[Spatial localization data]
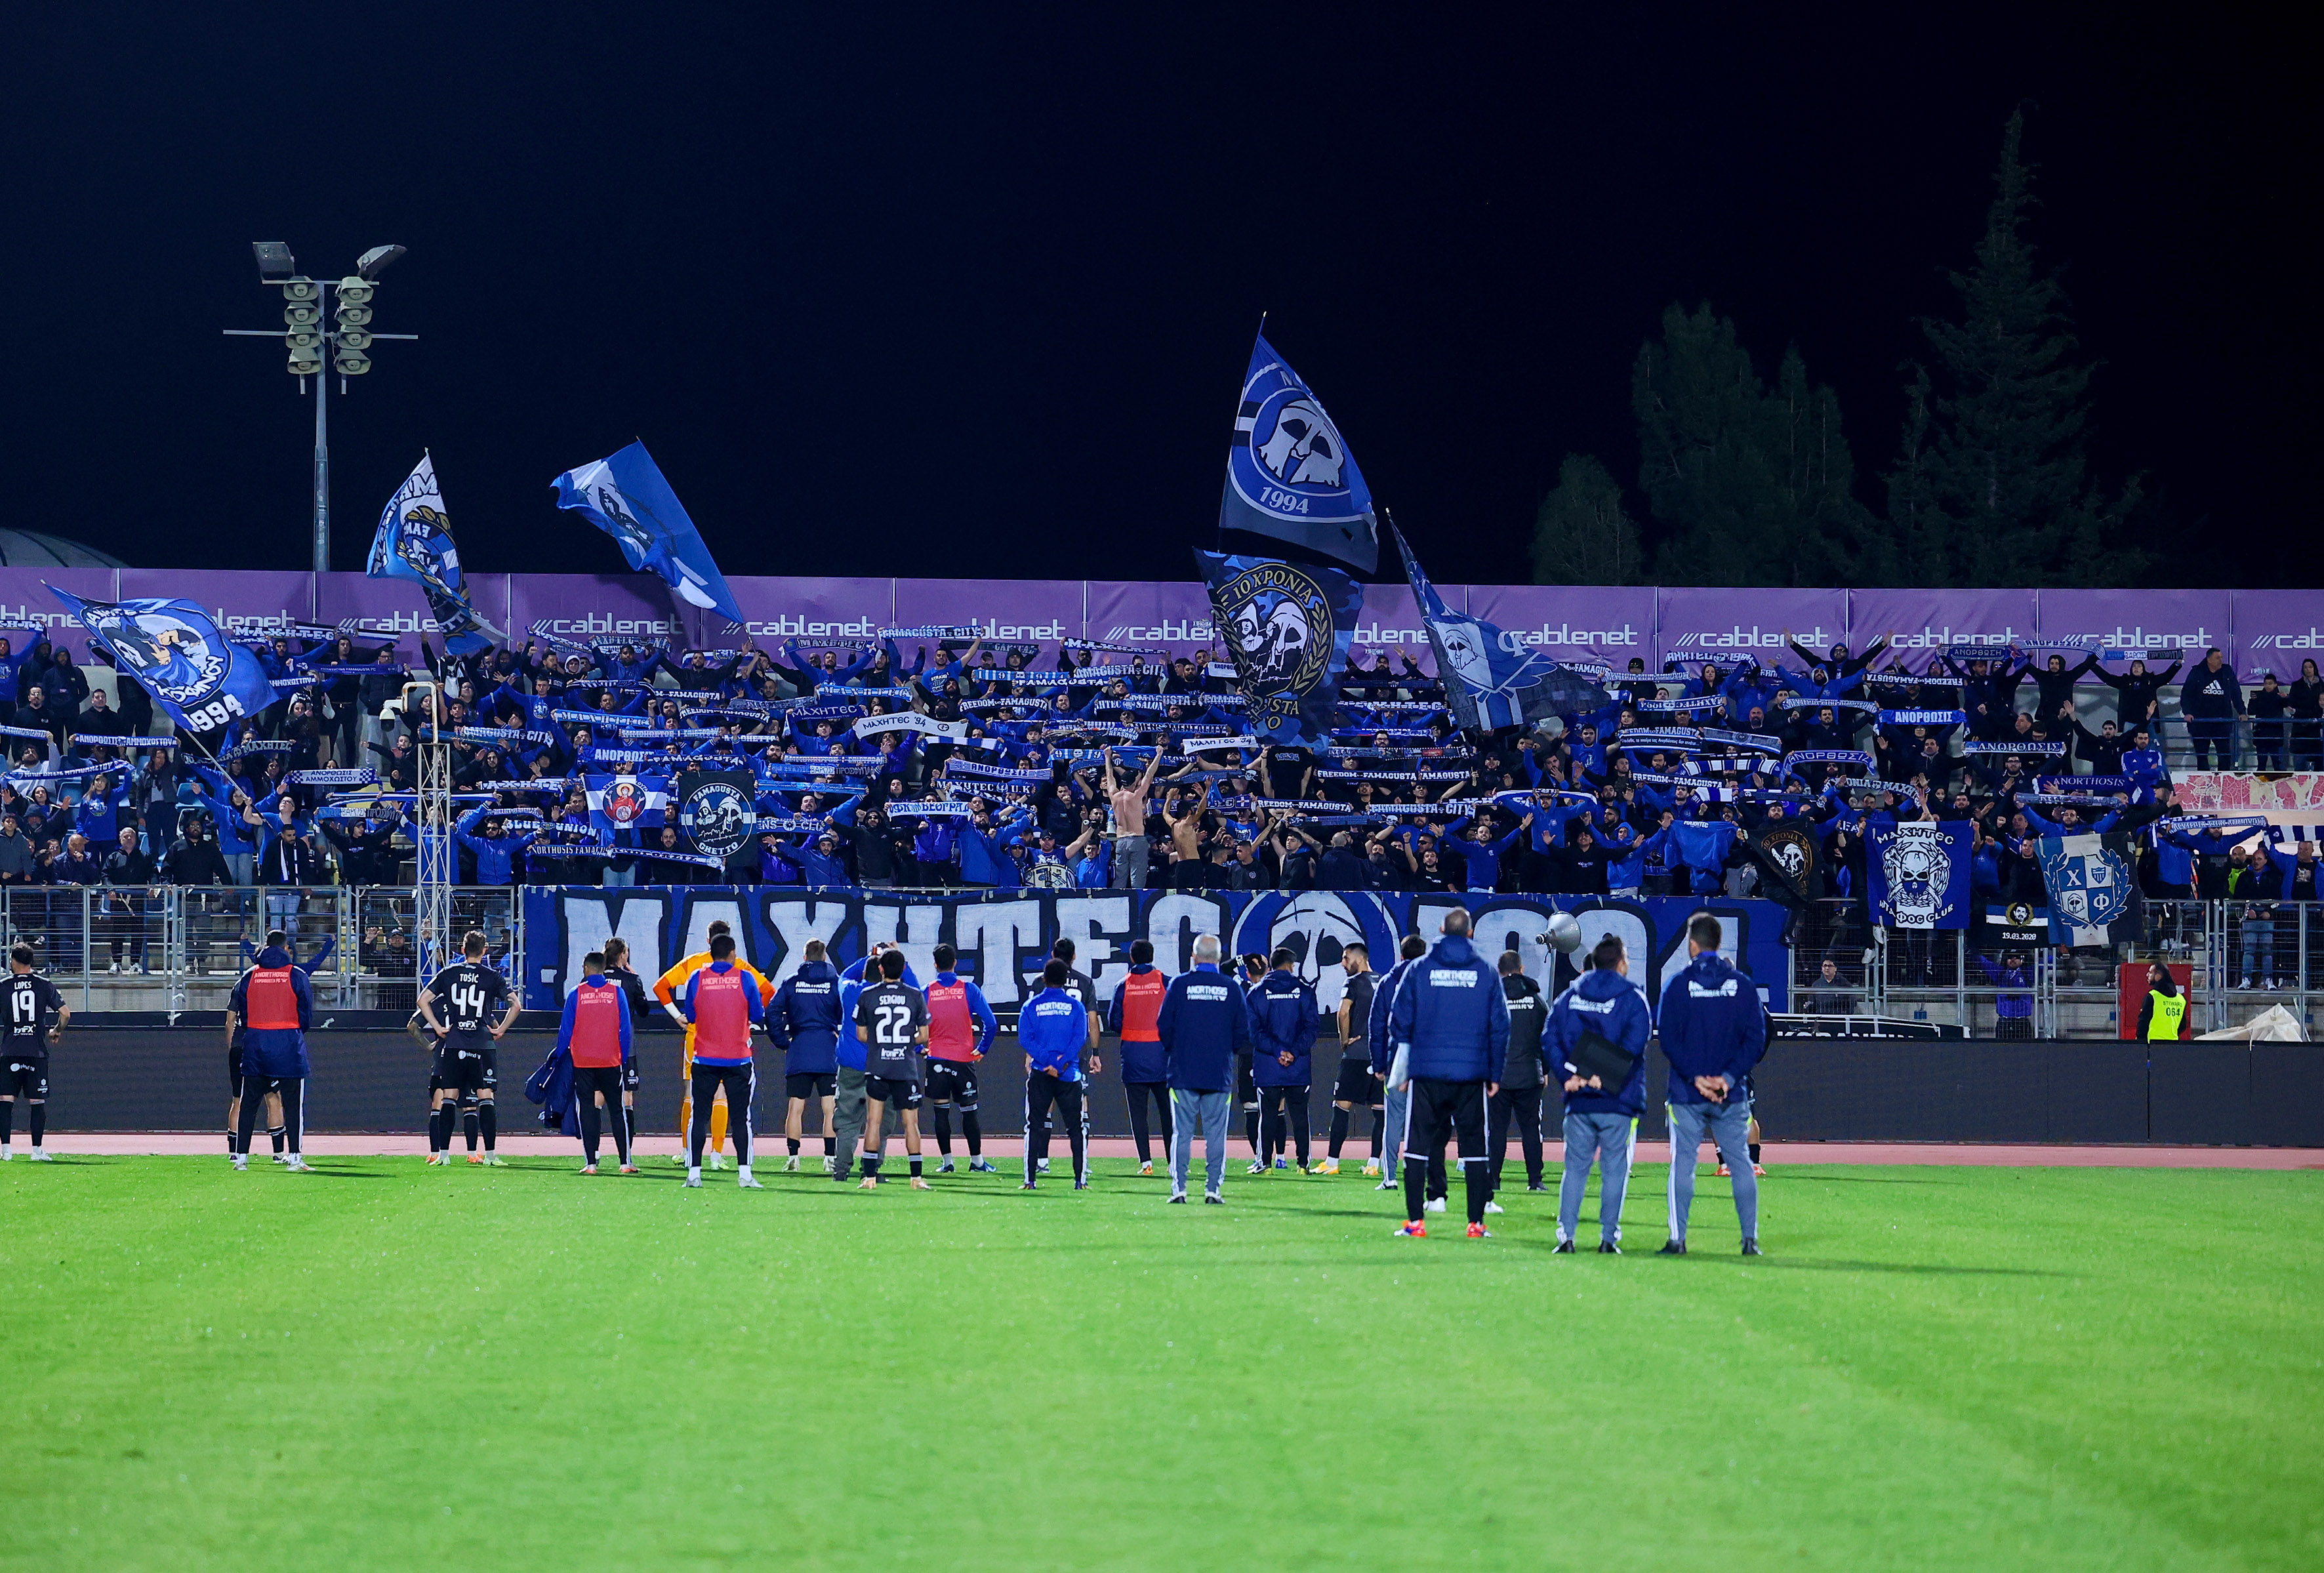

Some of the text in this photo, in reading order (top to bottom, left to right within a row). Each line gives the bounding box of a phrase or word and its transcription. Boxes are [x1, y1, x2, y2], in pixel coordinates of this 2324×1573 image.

[1259, 487, 1309, 514] 1994
[553, 612, 683, 635] cablenet
[746, 615, 875, 637] cablenet
[954, 626, 979, 637] CITY
[1890, 626, 2020, 648] cablenet
[1000, 699, 1048, 712] FAMAGUSTA
[184, 693, 246, 732] 1994
[1895, 711, 1953, 723] ΑΝΟΡΘΩΣΙΣ
[1656, 726, 1700, 736] FAMAGUSTA
[1978, 743, 2060, 752] ΑΝΟΡΘΩΣΙΣ
[1317, 770, 1417, 781] FREEDOM FAMAGUSTA
[1419, 770, 1470, 780] AMAGUSTA
[1633, 773, 1723, 787] FREEDOM FAMAGUSTA
[2054, 777, 2125, 787] ANORTHOSIS
[693, 785, 741, 802] FAMAGUSTA
[1298, 801, 1352, 813] FAMAGUSTA
[505, 820, 600, 840] BLUE UNION
[699, 841, 739, 855] GHETTO
[2093, 893, 2110, 910] Φ
[1926, 903, 1954, 923] CLUB
[2003, 932, 2037, 941] 19.03.2020
[459, 972, 479, 983] TOŠIĆ
[701, 976, 740, 986] ANORTHOSIS
[1429, 969, 1478, 981] ANORTHOSIS
[14, 981, 31, 990] LOPES
[1187, 985, 1228, 995] ANORTHOSIS
[930, 988, 964, 997] ANORTHOSIS
[451, 983, 485, 1017] 44
[879, 994, 906, 1006] SERGIOU
[11, 990, 35, 1023] 19
[1036, 1002, 1072, 1011] ANORTHOSIS
[2166, 1008, 2181, 1017] 064
[874, 1006, 911, 1044] 22
[881, 1048, 904, 1057] IronFX

# What you should do:
The data above, line by line: transcribe it exactly and drop the pictures.

# Response box:
Some of the text in this photo, in reading order (top to bottom, left to right within a row). Each line gives the bounding box of a phrase or word and its transcription. Boxes are [x1, y1, x2, y2], in pixel coordinates of this 2324×1573 image.

[1259, 487, 1309, 514] 1994
[553, 612, 683, 635] cablenet
[746, 615, 875, 637] cablenet
[954, 626, 979, 637] CITY
[1890, 626, 2020, 648] cablenet
[1000, 699, 1048, 712] FAMAGUSTA
[184, 693, 246, 732] 1994
[1895, 711, 1953, 723] ΑΝΟΡΘΩΣΙΣ
[1656, 726, 1700, 736] FAMAGUSTA
[1978, 743, 2060, 752] ΑΝΟΡΘΩΣΙΣ
[1317, 770, 1417, 781] FREEDOM FAMAGUSTA
[1419, 770, 1470, 780] AMAGUSTA
[1633, 773, 1723, 787] FREEDOM FAMAGUSTA
[2054, 777, 2125, 787] ANORTHOSIS
[693, 785, 741, 802] FAMAGUSTA
[1298, 801, 1352, 813] FAMAGUSTA
[505, 820, 600, 840] BLUE UNION
[699, 841, 739, 855] GHETTO
[2093, 893, 2110, 910] Φ
[1926, 903, 1954, 923] CLUB
[2003, 932, 2037, 941] 19.03.2020
[459, 972, 479, 983] TOŠIĆ
[701, 976, 740, 986] ANORTHOSIS
[1429, 969, 1478, 981] ANORTHOSIS
[14, 981, 31, 990] LOPES
[1187, 985, 1228, 995] ANORTHOSIS
[930, 988, 964, 997] ANORTHOSIS
[451, 983, 485, 1017] 44
[879, 994, 906, 1006] SERGIOU
[11, 990, 35, 1023] 19
[1036, 1002, 1072, 1011] ANORTHOSIS
[2166, 1008, 2181, 1017] 064
[874, 1006, 911, 1044] 22
[881, 1048, 904, 1057] IronFX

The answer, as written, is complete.